Drinks

Top Southern Bourbon Bars

Louisville, Kentucky, chef Edward Lee shares four of his favorites

Photo: Peter Frank Edwards


September in the South means hearing the sounds of marching-band practice drifting on the afternoon wind and getting ready to switch from craving peach cobbler to craving sweet potato pie. It also means bourbon. By law: A 2007 Senate resolution (sponsored by a Kentucky Senator, naturally) officially declared September to be National Bourbon Heritage Month.

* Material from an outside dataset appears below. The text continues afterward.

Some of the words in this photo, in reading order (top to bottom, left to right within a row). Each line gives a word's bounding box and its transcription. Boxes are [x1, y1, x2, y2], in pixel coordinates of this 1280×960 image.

Photo: Dan Dry Photography

Chef Edward Lee.

In honor of America’s most notable native spirit, we asked a well-connected expert— chef Edward Lee—to name a few of the best bars in the South to enjoy it. Born and raised in Brooklyn, Lee fell in love with Louisville on a trip to the Kentucky Derby in 2001 and relocated there soon after. In fifteen years living in River City, Lee’s racked up an impressive record, scoring seven straight James Beard Award nominations for his spot 610 Magnolia, publishing a cookbook (with a second on the way next year), competing on Bravo’s Top Chef, hosting a season of PBS’ The Mind of a Chef, starring in a documentary about fermentation, and opening three other restaurants—MilkWood in Louisville and two Succotash locations near Washington, D.C. This fall, he’s opening a bar of his own in Louisville, which will be called Whiskey Dry.

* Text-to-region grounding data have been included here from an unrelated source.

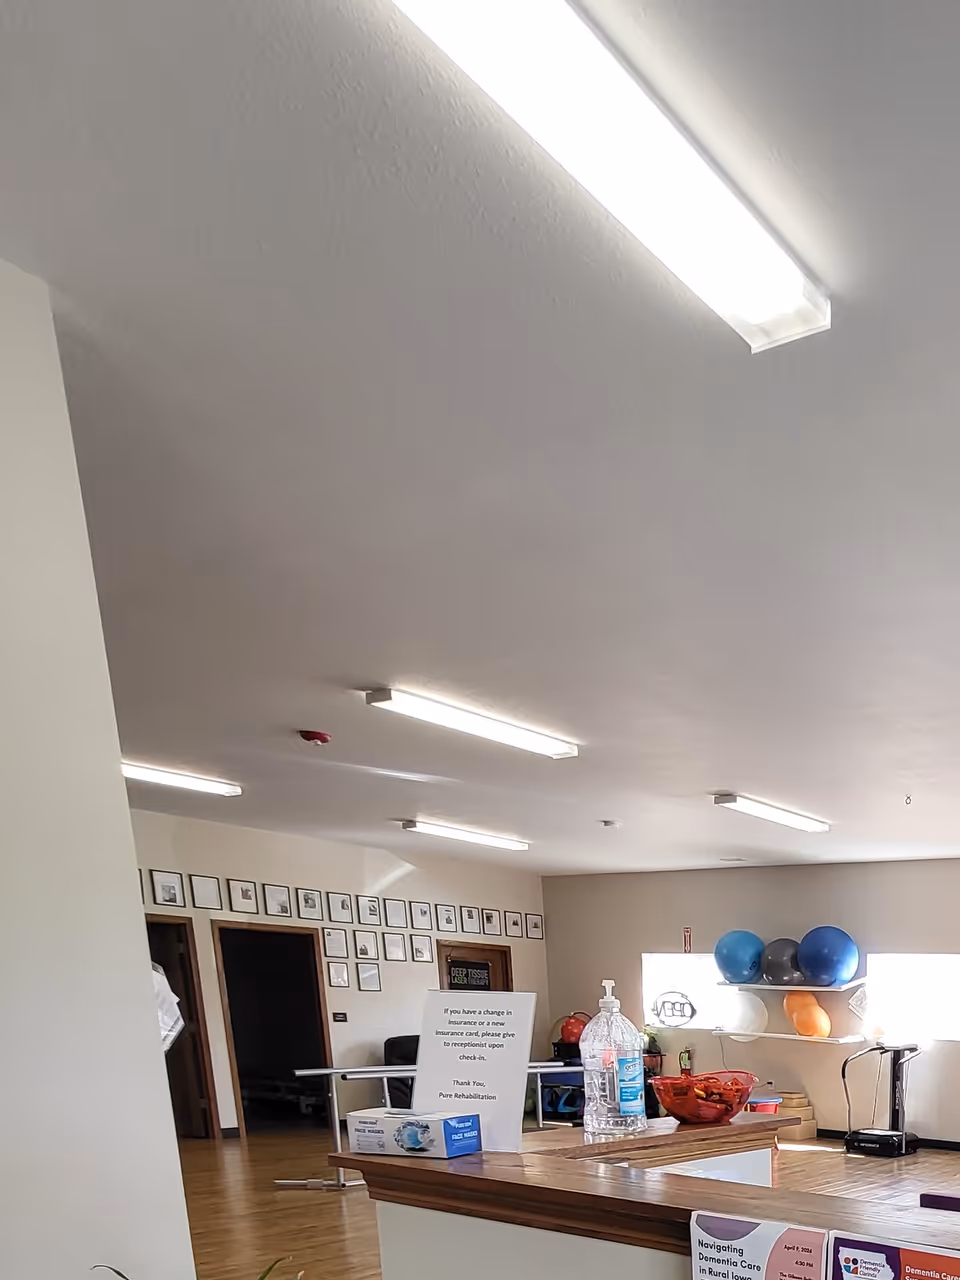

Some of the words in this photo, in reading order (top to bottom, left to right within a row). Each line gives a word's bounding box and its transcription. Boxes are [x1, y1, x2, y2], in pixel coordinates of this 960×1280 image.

[451, 968, 466, 976] DEEP
[468, 969, 488, 979] TISSUE
[698, 1239, 744, 1257] Navigating
[698, 1253, 738, 1267] Dementia
[741, 1260, 761, 1272] Care
[859, 1258, 885, 1268] Dementia
[860, 1264, 881, 1273] Friendly
[699, 1266, 707, 1275] in
[709, 1267, 729, 1280] Rural
[859, 1270, 877, 1278] Clarinda
[905, 1265, 940, 1279] Dementia

“When I moved to Louisville,” Lee says, “I got to be friends with a bunch of distillers at a time when bourbon was going from pretty obscure to being the hottest spirit on the planet. I started to drink lots of good bourbon.” Over the years, he also has built up a substantial home bar full of rare and obscure bottlings. (“I don’t have a collection; I have really good bourbons that I drink,” he says.)

Suffice it to say, the man knows his bourbon. Here are four of his favorite places to drink it.


The Bar at Husk
Charleston, South Carolina

Husk might be more famous as a restaurant for celebrity chef Sean Brock’s food, but the adjacent bourbon-focused bar is just as worthy of notice. “The forward-thinking that they have there with their whiskies and their food is amazing,” Lee says. “You get a Husk burger and you sit down with some whiskies and you’re pretty much set for the night. For me, this was the first bourbon bar that did it in a modern way.” It’s a nice contrast, given that bar is set in a beautifully restored century-old building attached to the restaurant, complete with original exposed brick.

Michael Kelley


 

Anvil Bar & Refuge
Houston, Texas

“Anvil makes the best bourbon cocktails of anywhere I’ve been,” says Lee, typically a purist who takes his whiskey neat. “They have the most rigorous, most precise, most intense whiskey training program of any bar I’ve ever seen. I’ve seen the test the bartenders have to go through to work there, and it’s ridiculous. I wouldn’t pass that test!” Open since 2009, Anvil offers a menu featuring a hundred classic drinks, along with an additional rotating seasonal list; you won’t run out of cocktails to try here, ever. (Anvil was spared damage from Hurricane Harvey, but owner Bobby Huegel has recruited dozens of bars nationwide to donate proceeds from Harvey Wallbanger cocktails to relief efforts in the coming weeks; follow #HurricaneHarveyWallbangers on Instagram and Facebook to find one near you.)

Julie Soefer Photography


Jack Rose Dining Saloon
Washington, D.C.

Three walls of this sizable bar are lined with bottles upon bottles of whiskey, more than 2,600 from all over the world. “It’s the most extensive and exhaustively thorough whiskey bar in the country, if not the world,” Lee says. “The list is smart but also extensively thorough.” In addition to both mainstream and special-edition bottlings from every major bourbon producer, you can also order rare vintage spirits that were distilled as far back as Prohibition.

Greg Powers


Clermont Lounge
Atlanta, Georgia

Yes, the Clermont Lounge is a strip club, and yes, it’s in the basement of a seedy hotel that’s been shut down since 2009. But there’s a reason this spot’s been open for more than fifty years and is a late-night favorite of Atlanta chefs, bartenders, and celebrities. “In the age of rarefied bourbon and luxury bourbon, we forget that it was generally a working man’s drink. You didn’t sit around the table or at the bar and talk about tasting notes; you drank whiskey, you got drunk, and you’d talk about life,” Lee says. “For me, there’s nothing better than sitting at Clermont Lounge, talking to people you’ve never met before and downing Jim Beam White Label. Sometimes we have to take away all that fussiness and remember what bourbon is supposed to be. This is a great place to reconnect with why we drink whiskey in the first place.” The bourbon selection here may not be the world’s most extensive, but any night at the Clermont will definitely be a memorable one.